Especialmente estos últimos, los grupos pre-partidos (asociaciones ciudadanas y similares) y los partidos que se inscriben y se presentan como tales, han hecho de la enmienda a la totalidad su programa político. Lo que tenían por programa al principio, lo que presentaban como tal, rara vez lo era ni lo es: siempre es una lista de quejas, una denuncia en ocasiones pormenorizada y hábil de las cosas que andan mal, o de problemas que no se resuelven adecuadamente, o manifestaciones de injusticia particulares, más o menos frecuentes. Y es característico de estos grupos que de cada una de sus denuncias extraen la conclusión de que esta sociedad no es democrática. Son conocidos, por frecuentes, los casos en que los desahucios de viviendas por causas varias (en general, impago de alquileres) reúnen a militantes en el entorno de esas viviendas en ocasiones para tratar de impedir tales desahucios, o en todo caso para dejar clara ante los medios de comunicación su ya conocida postura: esto no es una democracia, en una democracia no se desahuciaría a nadie (resumiendo). Estos casos, por el dolor humano que incluyen, son los más populares y conocidos; pero se da igualmente la proclama acerca de cualquier reivindicación particular de asunto y tema particular que en cada caso merezca la atención de los que protestan: en una democracia de verdad no habría caza; o los gallos no violarían a las gallinas en los corrales; o no habría centrales nucleares; o no habría uso alguno de energía nuclear; o no habría un maestro de primaria absentista como en el colegio de mi hijo; o no habría colas en la atención primaria sanitaria; o no habría empresarios corruptos; o no habría funcionarios negligentes; o no habría baches en las carreteras.

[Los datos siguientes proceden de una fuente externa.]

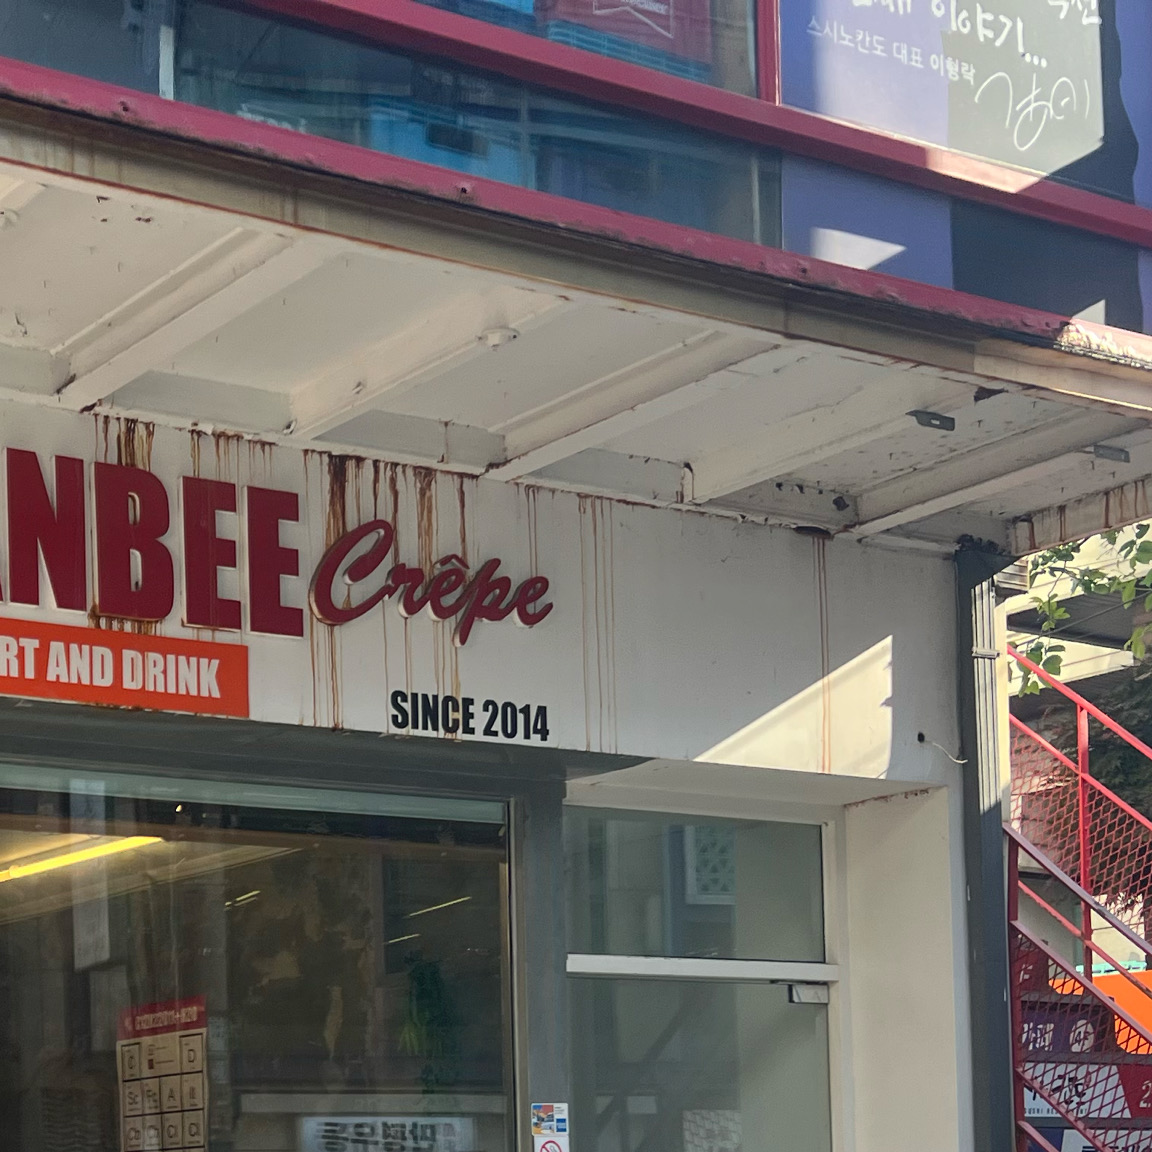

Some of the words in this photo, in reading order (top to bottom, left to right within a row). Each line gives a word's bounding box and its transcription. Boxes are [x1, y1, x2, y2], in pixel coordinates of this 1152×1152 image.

Ni uno solo de los casos mencionados es fruto de nuestra invención, como muchos lectores sabrán.

Y en todos ellos hemos leído a continuación «luego esto no es una democracia».

¿Una democracia no es una democracia porque en ella haya problemas, o porque los haya en esa sociedad, o entre las personas que la constituyen? Esta puerilidad, que por cierto se maneja como si fuera una seria y profunda tesis política, procede de las ideologías utopistas, como es visible. Y podría caber la posibilidad de plantearse que también es hija de la mera ignorancia, la ignorancia material de casos de la historia, el desconocimiento de personas y sociedades. No tanto de los dirigentes que llevan así a grupos espontáneos de «micropresión» (esos cien o doscientos que acosan a los policías encargados del desahucio, por ejemplo) a trabajar para intereses que creen conocer pero en realidad desconocen, como de las mismas gentes, los votantes, los militantes, los simpatizantes que son lanzados y se lanzan gustosamente a combatir por una sociedad más democrática, supuestamente aquella en la que el Estado de Derecho y el imperio de la Ley no se cumplan, o se cumplan sólo cuando es de mi gusto o de mi conveniencia.

Habría que ser rotundamente claros con esto: una democracia no es la perfección de una ilustración de libro de religión de Primaria hecha realidad. Una democracia es simplemente un modo de organizarse políticamente para decidir sobre los asuntos colectivos, modo que presiona menos que cualquier otro modo sobre las vidas individuales, y que se basa en leyes que afectan a todos, incluido al poder, al que limita en ámbito y en tiempo. Y, a partir de ahí, las variantes que se quiera, o que las mismas sociedades decidan darse, pero sobre la base de no alterar ciertos principios y valores, el primero de todos los cuales es el imperio de la Ley.

¿La democracia noruega es menos democracia o no es democracia porque no tolere las corridas de toros? Eso podrían decir los grupos políticos populistas taurófilos. Pero quizá se vea más claro que una democracia lo sigue siendo tanto si prohíbe las corridas de toros como si las tolera.